[EXERCISE INSTRUCTIONS]: Restate the following data in its entirety, word for word and without images.
Segment Start: DATA FOR PROCESSING
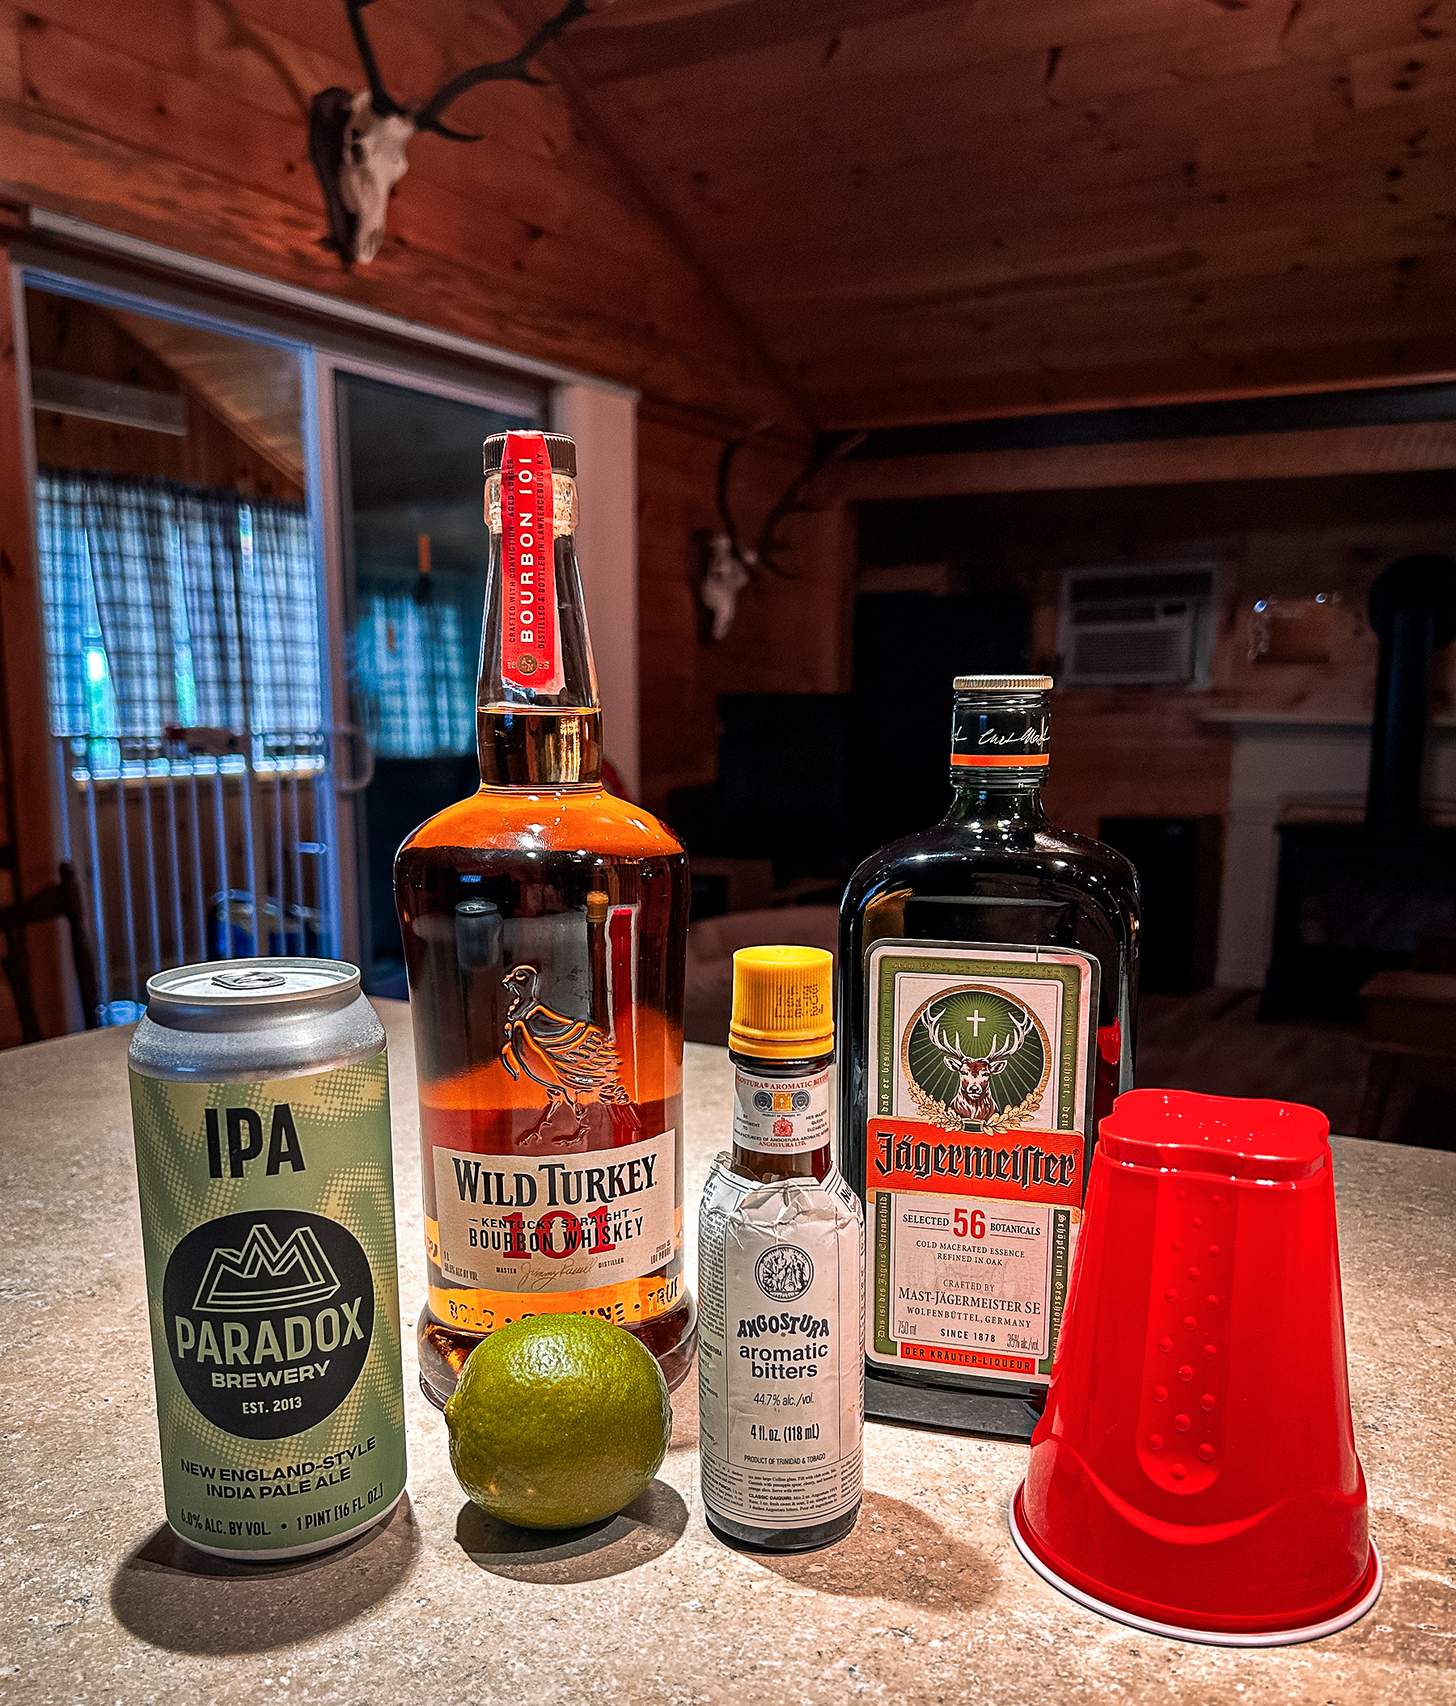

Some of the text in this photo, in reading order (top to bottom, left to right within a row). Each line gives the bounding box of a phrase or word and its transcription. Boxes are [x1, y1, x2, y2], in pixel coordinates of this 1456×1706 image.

[536, 453, 544, 465] KY
[518, 458, 533, 495] 101
[519, 512, 534, 643] BOURBON
[537, 555, 545, 593] BOTTLED
[508, 582, 516, 603] WITH
[508, 606, 516, 643] CRAFTED
[537, 605, 545, 649] DISTILLED
[769, 1081, 813, 1090] AROMATIC
[882, 1078, 889, 1089] er
[1061, 1105, 1071, 1127] den
[206, 1103, 306, 1179] IPA
[759, 1140, 794, 1148] ANGOSTURA
[452, 1157, 537, 1207] WILD
[481, 1208, 629, 1229] KENTUCKY STRAIGHT
[902, 1207, 1041, 1239] SELECTED 56 BOTANICALS
[469, 1227, 553, 1252] BOURBON
[563, 1216, 643, 1250] WHISKEY
[502, 1205, 616, 1259] 101
[916, 1240, 1025, 1258] COLD MACERATED ESSENCE
[937, 1253, 1003, 1266] REFINED IN OAK
[598, 1257, 625, 1269] DISTILLER
[1056, 1264, 1065, 1277] im
[943, 1279, 995, 1293] CRAFTED BY
[898, 1287, 1041, 1315] MAST-JÄGERMEISTER SE
[737, 1312, 830, 1338] ANGOSTURA
[897, 1320, 910, 1335] 750
[907, 1306, 1031, 1328] WOLFENBÜTTEL, GERMANY
[175, 1296, 365, 1365] PARADOX
[940, 1328, 996, 1343] SINCE 1878
[739, 1343, 829, 1362] aromatic
[905, 1346, 1031, 1370] DER KRÄUTER-LIQUEUR
[211, 1359, 330, 1389] BREWERY
[751, 1361, 818, 1380] bitters
[242, 1396, 303, 1415] EST. 2013
[753, 1393, 781, 1406] 44.7%
[750, 1424, 757, 1441] 4
[783, 1425, 803, 1444] (118
[804, 1423, 820, 1440] mL)
[181, 1436, 376, 1482] NEW ENGLAND-STYLE
[744, 1452, 826, 1465] PRODUCT OF TRINIDAD & TOBAGO
[206, 1467, 351, 1500] INDIA PALE ALE
[181, 1508, 272, 1536] 6.0% ALC. BY VOL.
[296, 1516, 302, 1531] 1
[305, 1509, 332, 1530] PINT
[352, 1498, 366, 1514] FL.
Segment End: DATA FOR PROCESSING
[FINISHED EXERCISE]:
Some of the text in this photo, in reading order (top to bottom, left to right within a row). Each line gives the bounding box of a phrase or word and its transcription. Boxes are [x1, y1, x2, y2], in pixel coordinates of this 1456×1706 image.

[536, 453, 544, 465] KY
[518, 458, 533, 495] 101
[519, 512, 534, 643] BOURBON
[537, 555, 545, 593] BOTTLED
[508, 582, 516, 603] WITH
[508, 606, 516, 643] CRAFTED
[537, 605, 545, 649] DISTILLED
[769, 1081, 813, 1090] AROMATIC
[882, 1078, 889, 1089] er
[1061, 1105, 1071, 1127] den
[206, 1103, 306, 1179] IPA
[759, 1140, 794, 1148] ANGOSTURA
[452, 1157, 537, 1207] WILD
[481, 1208, 629, 1229] KENTUCKY STRAIGHT
[902, 1207, 1041, 1239] SELECTED 56 BOTANICALS
[469, 1227, 553, 1252] BOURBON
[563, 1216, 643, 1250] WHISKEY
[502, 1205, 616, 1259] 101
[916, 1240, 1025, 1258] COLD MACERATED ESSENCE
[937, 1253, 1003, 1266] REFINED IN OAK
[598, 1257, 625, 1269] DISTILLER
[1056, 1264, 1065, 1277] im
[943, 1279, 995, 1293] CRAFTED BY
[898, 1287, 1041, 1315] MAST-JÄGERMEISTER SE
[737, 1312, 830, 1338] ANGOSTURA
[897, 1320, 910, 1335] 750
[907, 1306, 1031, 1328] WOLFENBÜTTEL, GERMANY
[175, 1296, 365, 1365] PARADOX
[940, 1328, 996, 1343] SINCE 1878
[739, 1343, 829, 1362] aromatic
[905, 1346, 1031, 1370] DER KRÄUTER-LIQUEUR
[211, 1359, 330, 1389] BREWERY
[751, 1361, 818, 1380] bitters
[242, 1396, 303, 1415] EST. 2013
[753, 1393, 781, 1406] 44.7%
[750, 1424, 757, 1441] 4
[783, 1425, 803, 1444] (118
[804, 1423, 820, 1440] mL)
[181, 1436, 376, 1482] NEW ENGLAND-STYLE
[744, 1452, 826, 1465] PRODUCT OF TRINIDAD & TOBAGO
[206, 1467, 351, 1500] INDIA PALE ALE
[181, 1508, 272, 1536] 6.0% ALC. BY VOL.
[296, 1516, 302, 1531] 1
[305, 1509, 332, 1530] PINT
[352, 1498, 366, 1514] FL.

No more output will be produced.